Haemophilia is an inherited condition that affects the blood’s ability to clot (called coagulation). It is caused by a genetic mutation that may have occurred spontaneously in earlier generations. People living with the condition have fewer clotting factors in their blood than usual, and therefore can bleed more frequently and for longer periods than those without the condition. They also bruise more easily than normal.
Haemophilia usually only occurs in males, although there is a small chance of a girl being born with haemophilia if both parents carry the haemophilia gene. The haemophilia gene is, however, usually carried by women, and although they don’t develop the condition themselves, they may also suffer from some bleeding problems such as abnormally heavy periods. Symptoms can range from mild to severe, depending on the level of clotting factors in the individual’s blood.

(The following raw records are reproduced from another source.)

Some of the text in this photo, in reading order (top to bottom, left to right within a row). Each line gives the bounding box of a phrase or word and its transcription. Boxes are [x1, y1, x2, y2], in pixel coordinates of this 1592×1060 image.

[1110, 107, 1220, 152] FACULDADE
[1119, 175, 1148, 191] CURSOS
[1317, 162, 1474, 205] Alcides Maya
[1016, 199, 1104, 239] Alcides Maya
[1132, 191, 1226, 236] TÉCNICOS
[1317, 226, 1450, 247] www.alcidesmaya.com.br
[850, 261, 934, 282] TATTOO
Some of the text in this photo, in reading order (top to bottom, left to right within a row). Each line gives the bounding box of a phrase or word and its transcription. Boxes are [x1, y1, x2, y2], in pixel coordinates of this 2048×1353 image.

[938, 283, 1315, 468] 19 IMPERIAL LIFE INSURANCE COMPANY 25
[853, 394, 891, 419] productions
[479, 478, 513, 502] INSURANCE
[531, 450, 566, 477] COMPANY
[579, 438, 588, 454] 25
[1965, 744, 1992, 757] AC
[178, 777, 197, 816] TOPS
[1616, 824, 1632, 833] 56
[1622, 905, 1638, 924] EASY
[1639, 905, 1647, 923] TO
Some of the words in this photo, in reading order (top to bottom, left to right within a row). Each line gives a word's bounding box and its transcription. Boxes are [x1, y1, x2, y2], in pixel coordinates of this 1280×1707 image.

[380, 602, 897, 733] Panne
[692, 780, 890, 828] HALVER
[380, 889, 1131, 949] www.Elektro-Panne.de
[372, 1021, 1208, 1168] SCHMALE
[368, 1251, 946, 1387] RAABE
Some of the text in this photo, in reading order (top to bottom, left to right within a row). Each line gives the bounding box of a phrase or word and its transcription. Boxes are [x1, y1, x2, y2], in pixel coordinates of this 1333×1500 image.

In mild cases, symptoms may only present after something like an injury, a dental procedure or surgery. In moderate cases, there may also be frequent bruising and bleeding around the joints from early childhood, and this can cause both severe pain and deformation of the joints. In severe cases, bleeding around the joints and bruising occur more frequently, and spontaneous internal bleeding can also occur. There is also a small risk of bleeding inside the skull, which is known as intracranial haemorrhage, although this usually only occurs if there has been some kind of head injury.
There are two types of haemophilia, Haemophilia A and Haemophilia B, which are caused by mutations with different clotting factors. Haemophilia A is the more common of the two. There is also a rarer form of the condition called acquired haemophilia, which can develop in both men and women as they age. This is thought to be linked to a malfunction of the immune system.
There is no cure for haemophilia, but with appropriate treatment people living with the condition can usually have a good quality of life. Treatment involves injecting clotting factors in order to prevent or treat prolonged bleeding. Without treatment, severe haemophilia can be fatal.
One transfusion dose of platelets can be obtained through one apheresis donation of platelets or by combining the platelets derived from five whole blood donations.